To these ears, Cascioli is a genius, and genius makes its own rules; there is never a dull moment when he's around. In that respect, if in no other, he is like the late Glenn Gould (who professed to despise Mozart and made recordings to prove it).
The late Boris Goldovsky, lifelong Mozartean, used to speak of the piano concertos as being like operas; the themes are like characters who interact, suffer, have fun, and learn things about themselves. That's how Cascioli played, with lots of personality, even quirk; internal dialogue; intelligence, feeling, and more rhythmic freedom than we're used to hearing.
He also played along in the orchestral passages, emphasizing the harmony, the attack of the rhythm, and, most of all, the bass line. He plays across a wide dynamic range, but is never inaudible at one extreme, never harsh at the other.

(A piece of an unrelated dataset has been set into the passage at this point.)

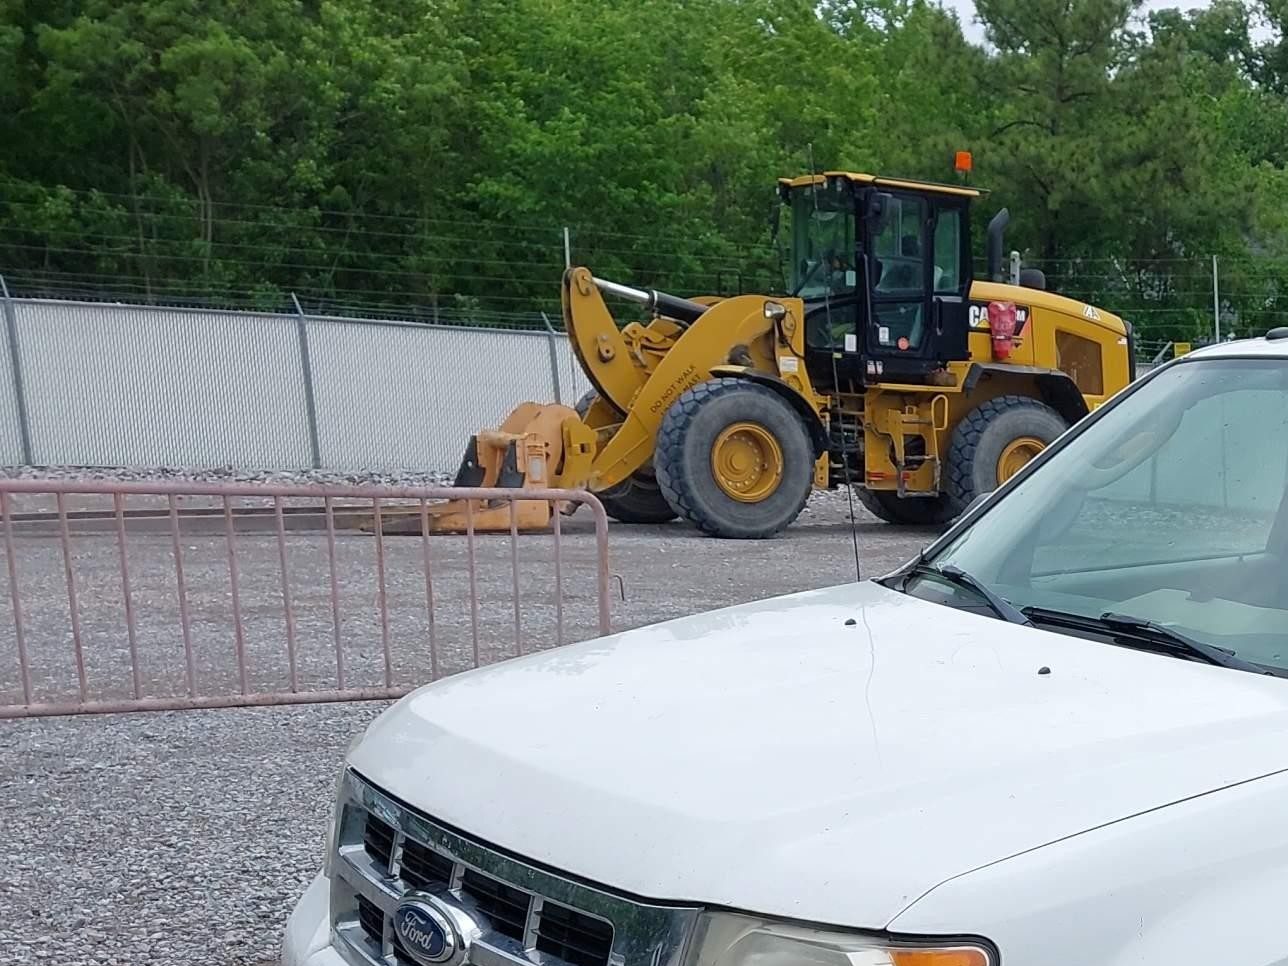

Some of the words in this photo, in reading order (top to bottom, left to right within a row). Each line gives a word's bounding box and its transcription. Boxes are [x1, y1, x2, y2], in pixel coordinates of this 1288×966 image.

The Adagio unfolded with poignant eloquence, and the finale made you want to laugh out loud. Richard Ranti was spiffy in a lickety-split bassoon moment and Ling proved able to ride the bucking bronco.
The conductor has not appeared with the BSO since early in his career, 19 years ago -- about the time he became resident conductor of the Cleveland Orchestra, with which he is still affiliated.
Born into a Chinese family in Indonesia, Ling first came to notice in Jakarta (and elsewhere) as a pianist; part of his training was at Tanglewood, where he became a protege of Leonard Bernstein's.
Ling probably didn't get to conduct the Mahler First very often in Cleveland; Mahler is usually the music director's prerogative. But he certainly led a remarkable performance last night, the most beautifully played BSO performance this listener can recall.
Ling may not be a searching interpreter, but he knows the work, understands how it is put together, and has the chops to pull it off, from the tricky exposed pianissimo opening spanning the entire range of the orchestra to the resounding finale.
There was much subtlety, charm and beauty of sound in the quieter passages, and wonderful playing from solo bass (Edwin Barker), oboe (John Ferrillo) and the entire brass section.
The players never sounded as if they were stinting on the early climaxes, each new one built on the one before, and the greatest and most fulfilling of all came where it should, at the end -- often the orchestra, and the audience's ears, are exhausted long before this point. The audience greeted conductor and players with a gladitorial roar and a standing O.